Ik ben een nieuwsgierige reiziger. Ik schift de gegevens, dat wel. En dan wil ik over die geselecteerde zaken ook gelijk alles van weten. We zetten de auto bij een P+R aan de Henry-van-de-Veldestrasse tegenover het Klinikum. Van daar met de stadsbus naar het centrum. Wie was die Van de Velde? Hoe komt zo’n Nederlands klinkende naam hier op een straatnaambordje. Mijn idee is dat het om een Belg gaat.
Er zijn allerlei manieren om Weimars oude kern ‘begeleid’ te bezichtigen. Wandelend met een gids, vervoerd in bus of koetsje. Of figuurlijk aan de hand van een audiotour.

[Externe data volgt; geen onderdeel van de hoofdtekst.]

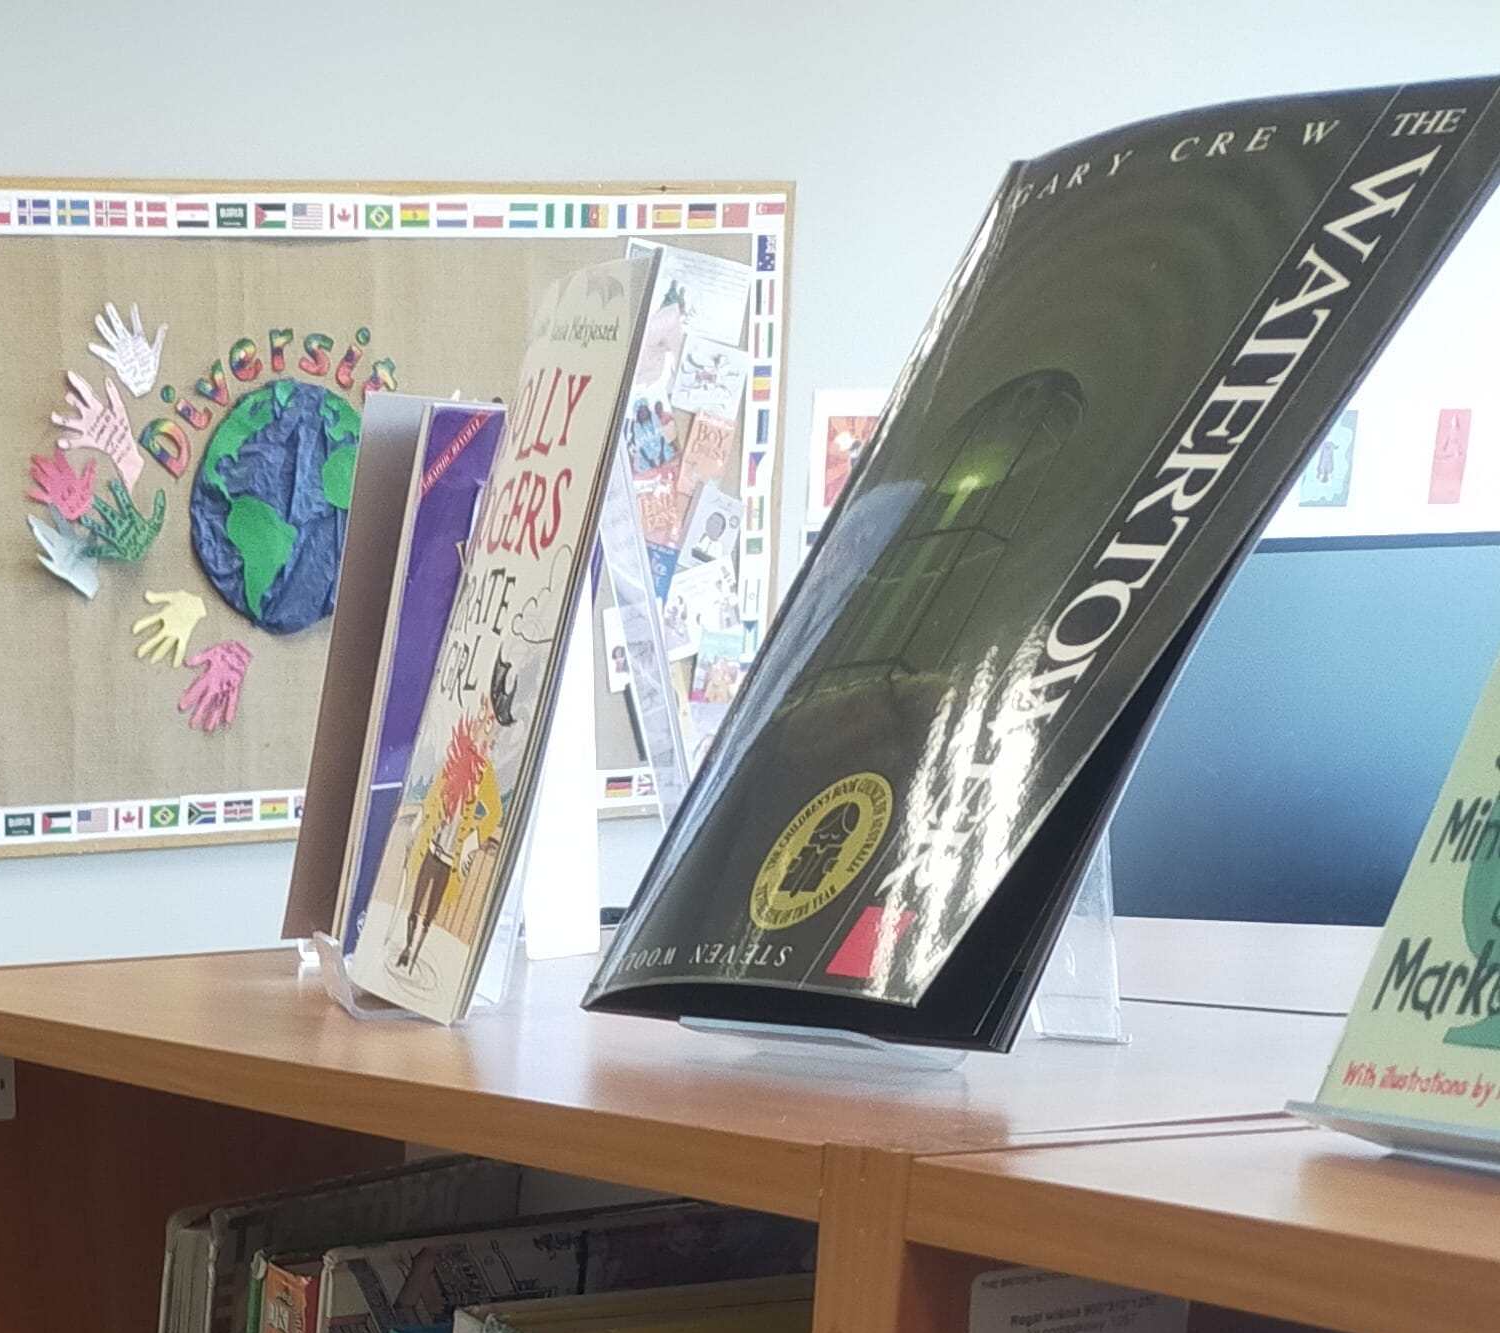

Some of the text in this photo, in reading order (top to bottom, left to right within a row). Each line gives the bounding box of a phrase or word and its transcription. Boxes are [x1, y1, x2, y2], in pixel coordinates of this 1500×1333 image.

[1170, 119, 1341, 163] CREW
[1389, 107, 1468, 139] THE
[688, 943, 794, 968] STEVEN
[1342, 1060, 1494, 1107] With illustrations by
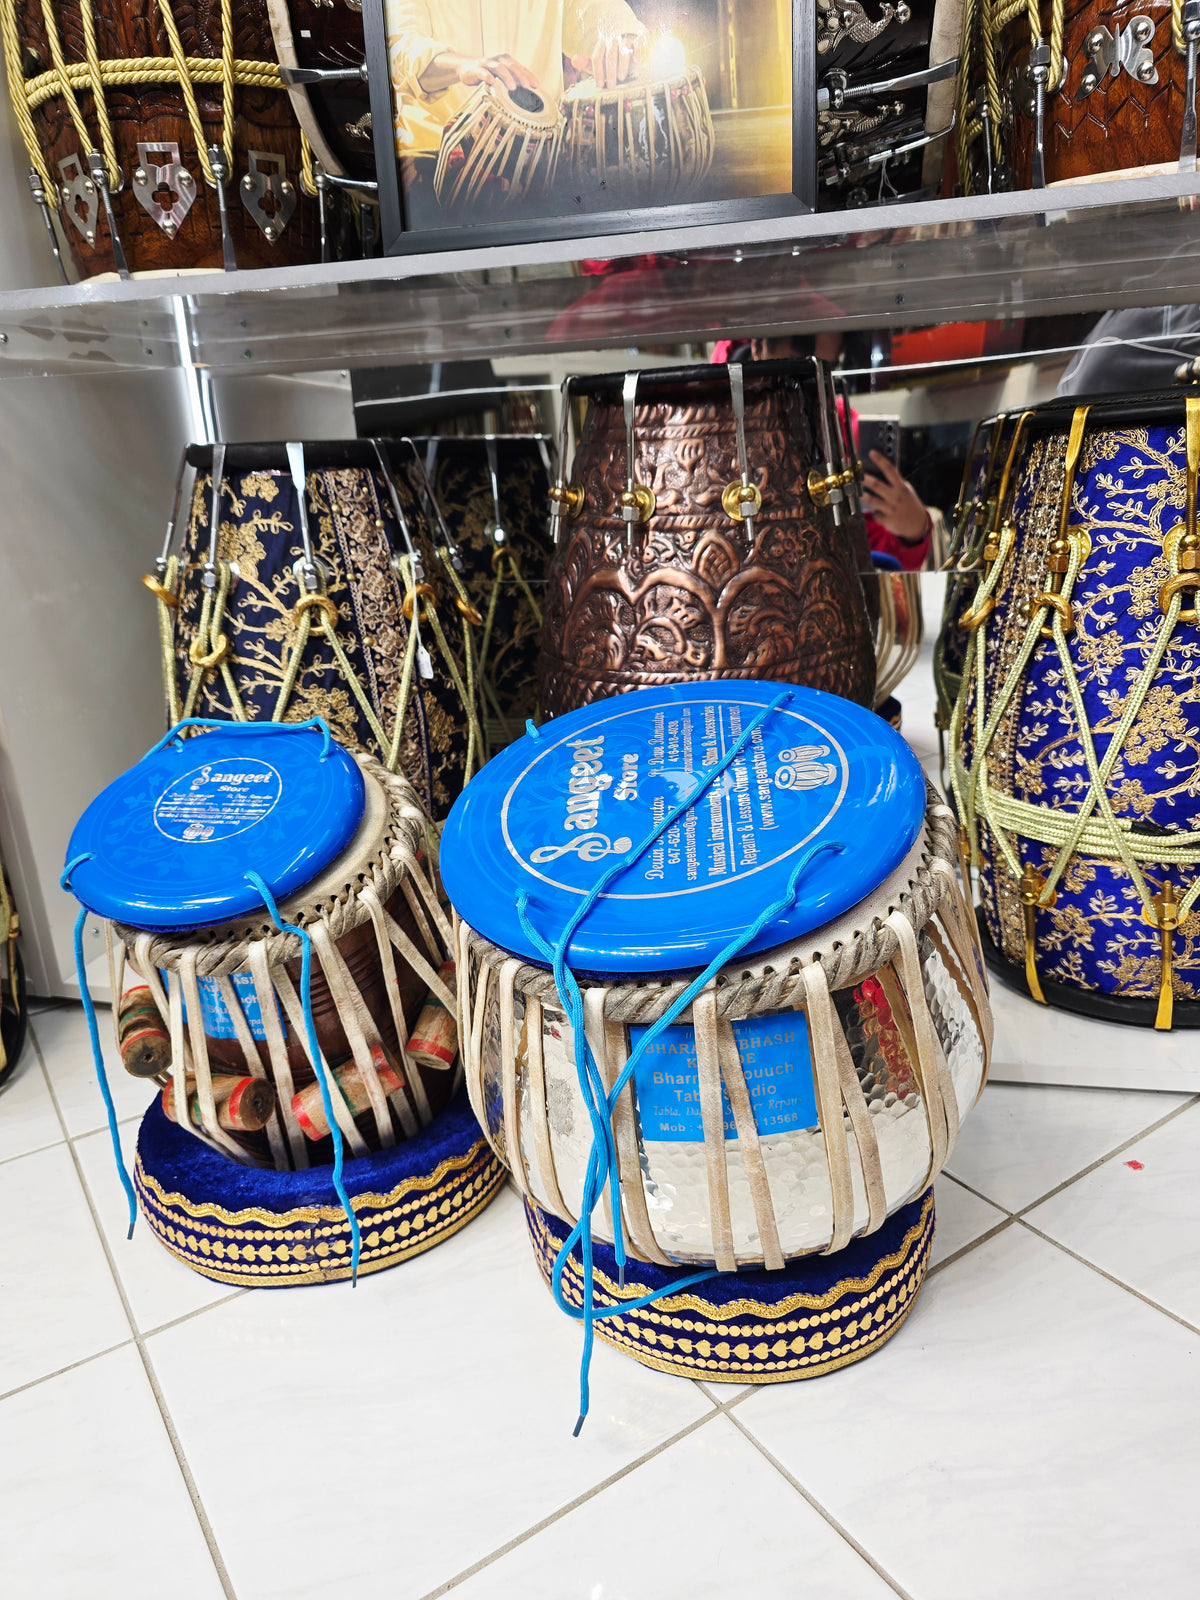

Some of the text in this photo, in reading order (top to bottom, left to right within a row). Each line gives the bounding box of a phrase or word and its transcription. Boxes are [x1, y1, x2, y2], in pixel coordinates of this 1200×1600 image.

[700, 705, 717, 739] Accessories
[190, 766, 272, 791] Sangeet
[613, 753, 639, 801] Store
[732, 766, 749, 792] Offered
[737, 792, 753, 824] Lessons
[736, 824, 754, 832] &
[707, 842, 727, 877] Musical
[738, 833, 761, 866] Repairs
[738, 1031, 795, 1050] BHASH
[743, 1061, 794, 1080] ouuch
[722, 1083, 777, 1100] Sdio
[660, 1122, 686, 1132] Mob
[764, 1112, 798, 1126] 13568
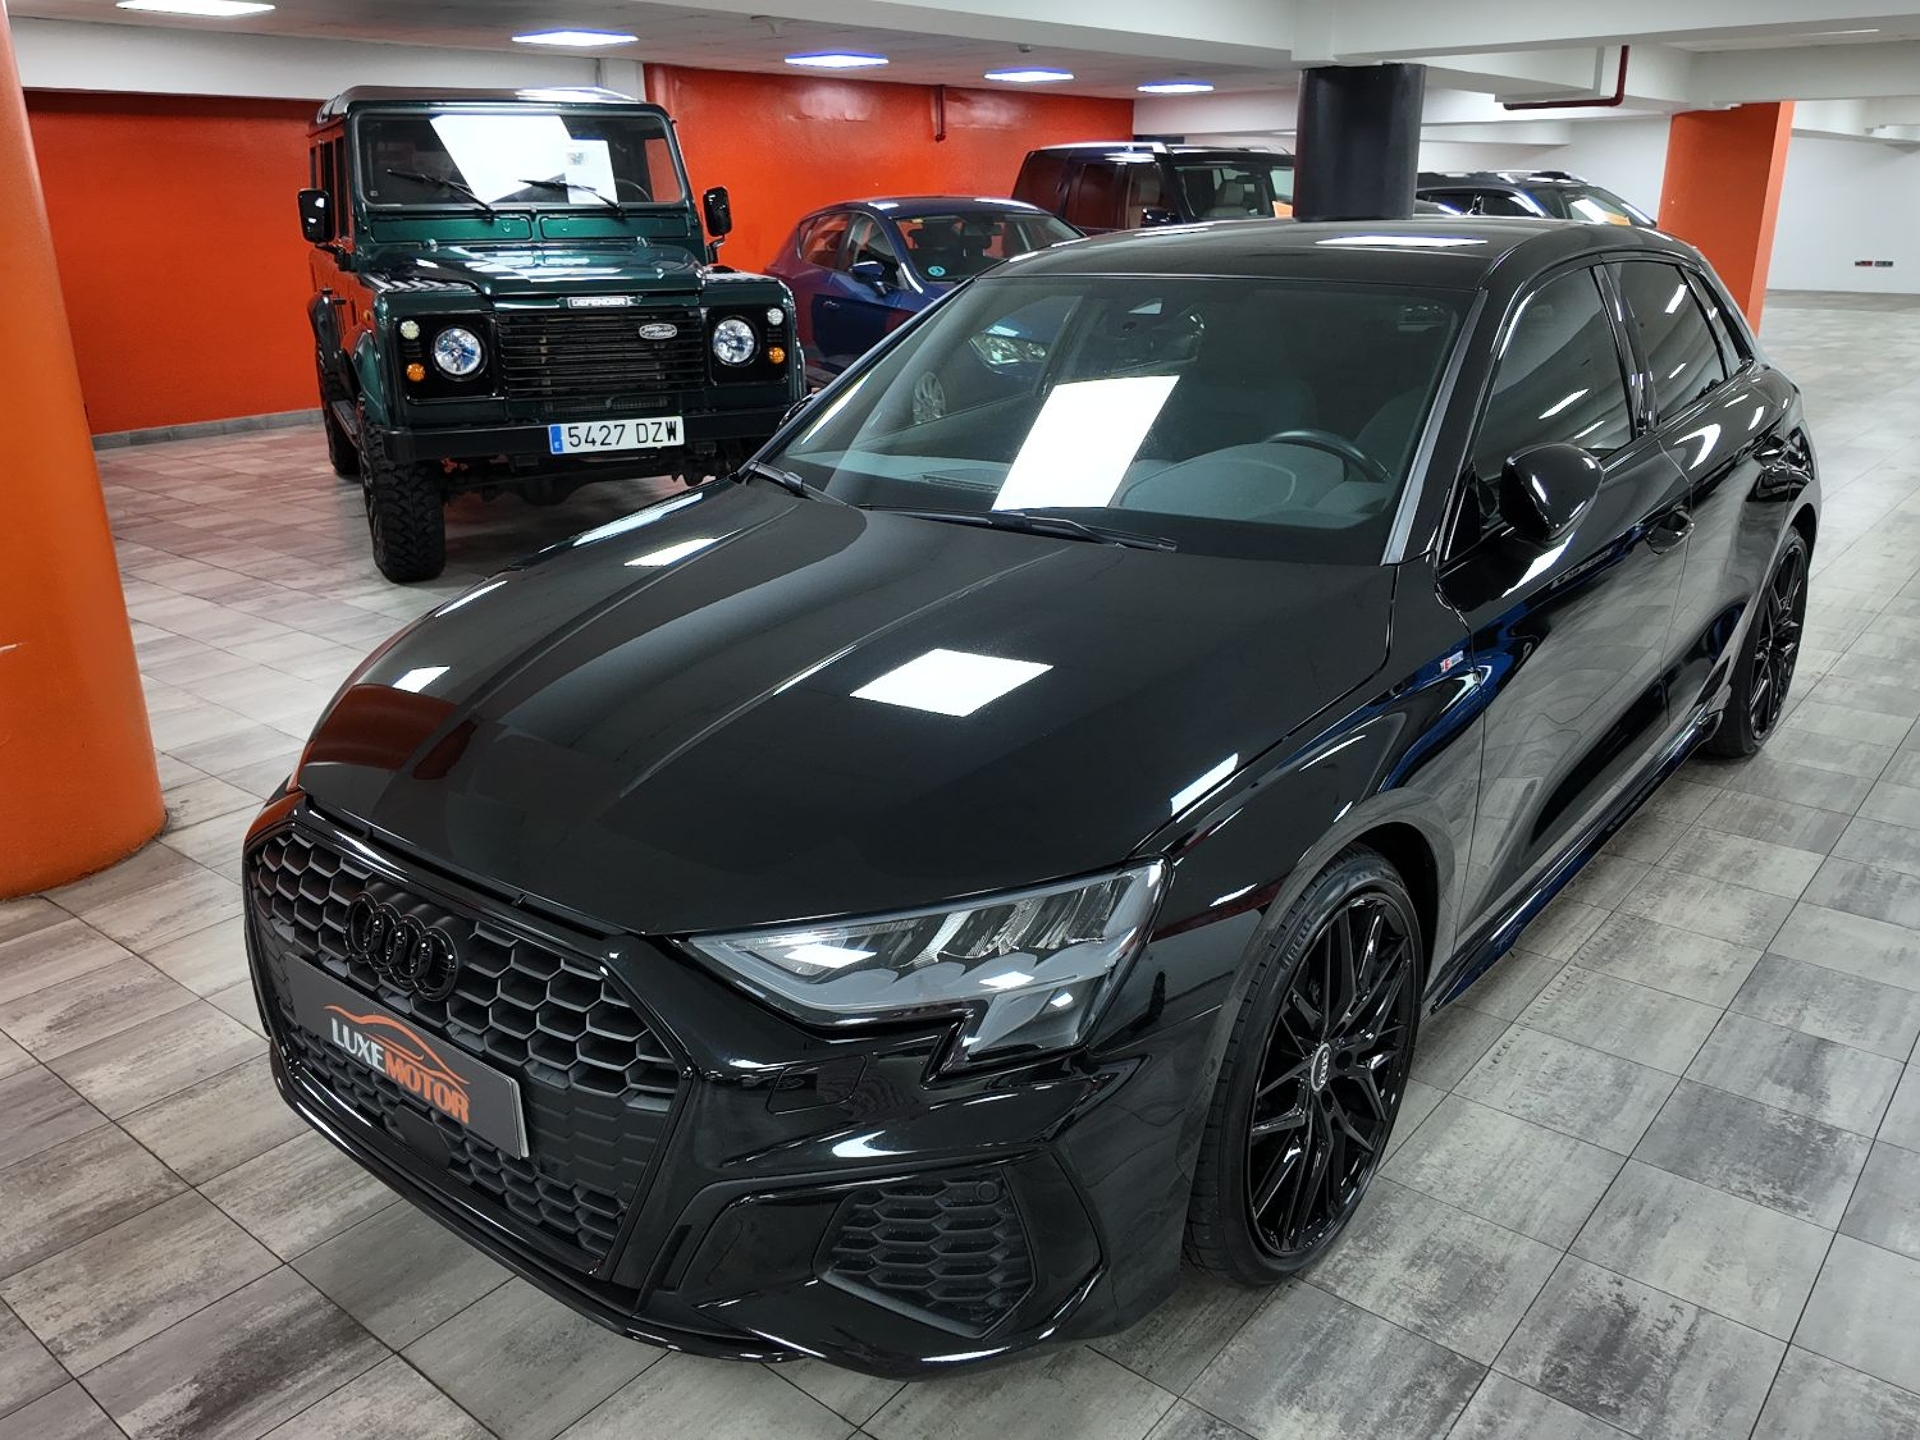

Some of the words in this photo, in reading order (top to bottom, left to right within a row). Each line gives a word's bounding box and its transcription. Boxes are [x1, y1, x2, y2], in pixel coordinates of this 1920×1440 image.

[571, 298, 626, 307] DEFENDER
[568, 424, 625, 448] 5427
[636, 421, 677, 444] DZW
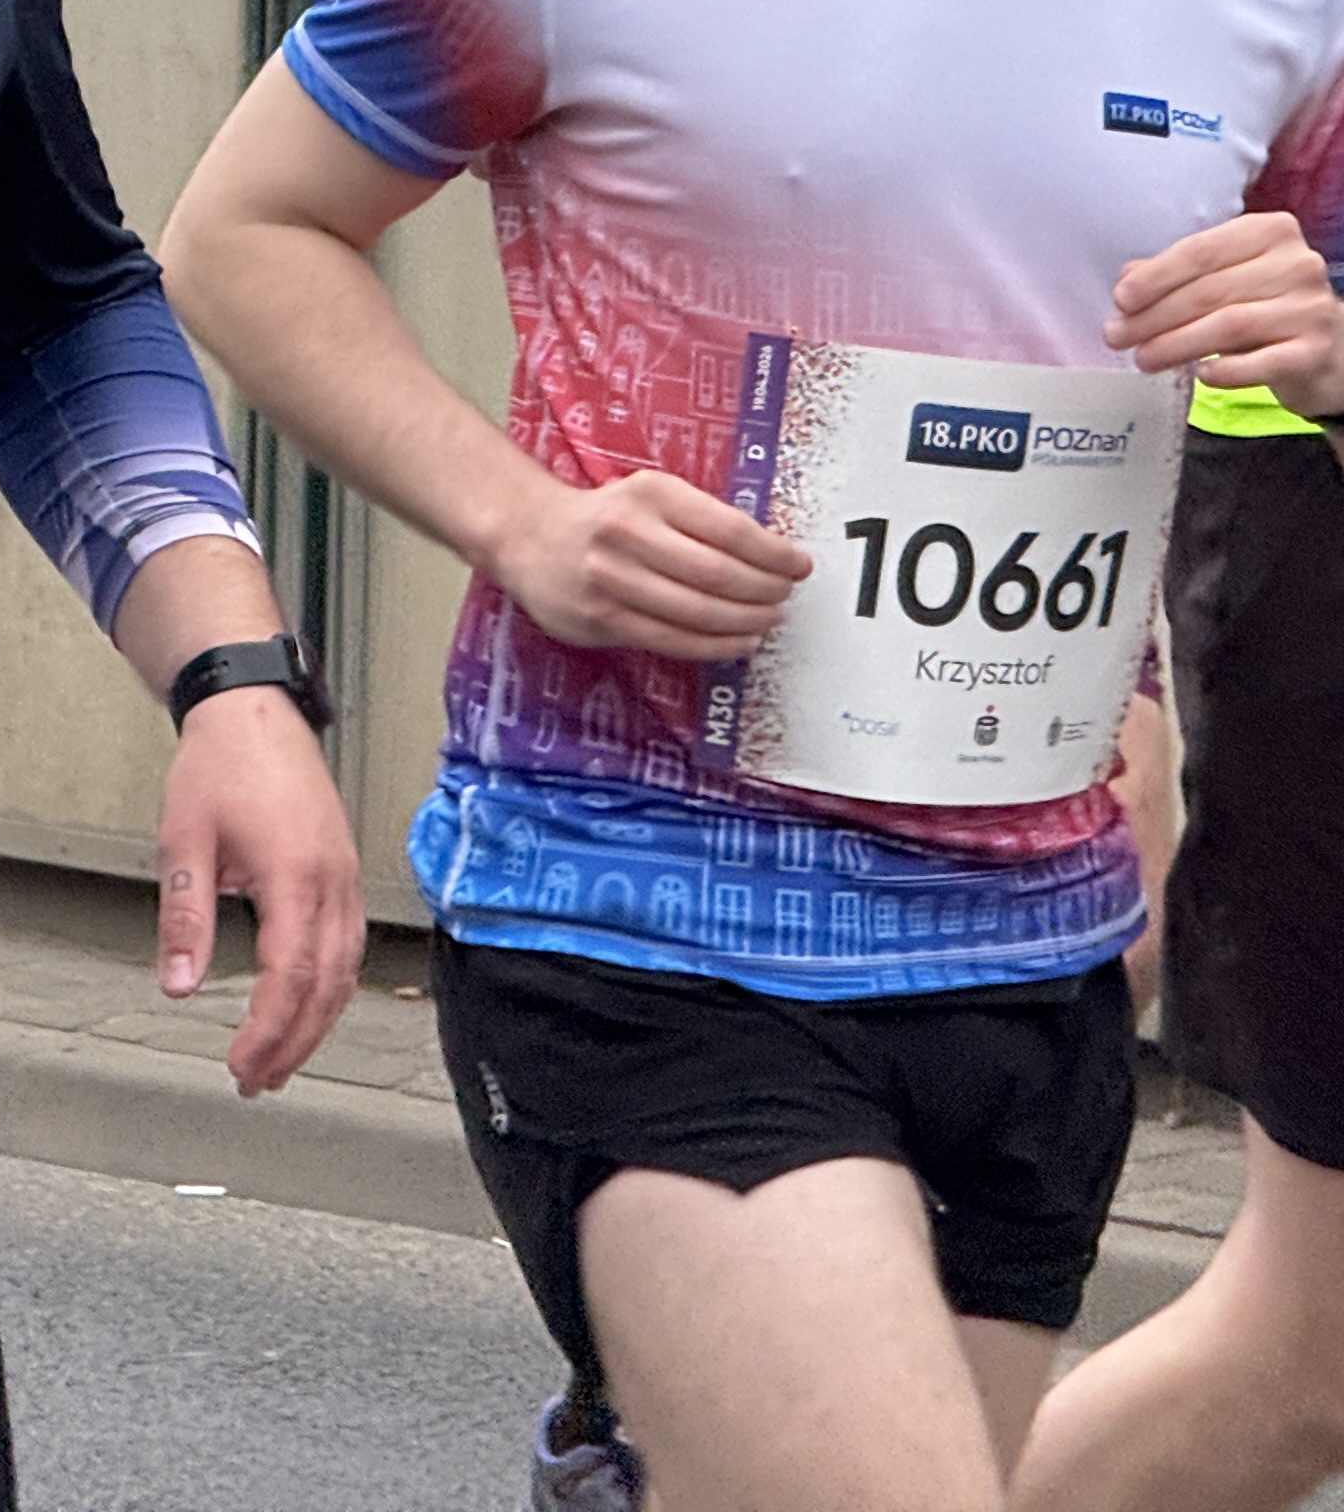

Die halen we bij het VVV en na een korte uitleg kunnen we op stap. Eerste halte: een terrasje op de Markt. Koffie en zwart bier.
De gebouwen rond dit centrale plein zien er oud uit. Geen oorlogsschade? Schijn bedriegt. In februari 1945 vond een stevig bombardement plaats. Volgens de gesproken informatie kwam de restauratie snel op gang. Niet alleen dit part, het hele historische centrum ziet er prachtig uit. Gotische elementen hebben de overhand. Middeleeuwen, daar kikten de Duitsers op toen ze zo rond 1800 de Middeleeuwen weer de moeite waard gingen vinden. Dat heb ik net gelezen in het werk van Peter Raedts, 'De Ontdekking van de Middeleeuwen, Geschiedenis van een illusie'.
Weimar was lange tijd een hertogelijke residentie. Het zijn Goethe en Schiller die ons via de iTour met een grappige tweespraak door de stad leiden. De weetjes zijn verpakt in een verhaal waarin de heren tegen elkaar opbieden. ‘Stoefers’, om het met een Vlaams woord te zeggen. ‘Opsnijders’. Vermakelijk. Aan de Markt staat een hotel dat de Olifant heet. Een vergulde Henri van de Velde staat daar op het balkon. Deze Antwerpenaar blijkt als architect zijn sporen in Weimar achtergelaten te hebben. Dat met dat straatnaambordje is me nu ook duidelijk.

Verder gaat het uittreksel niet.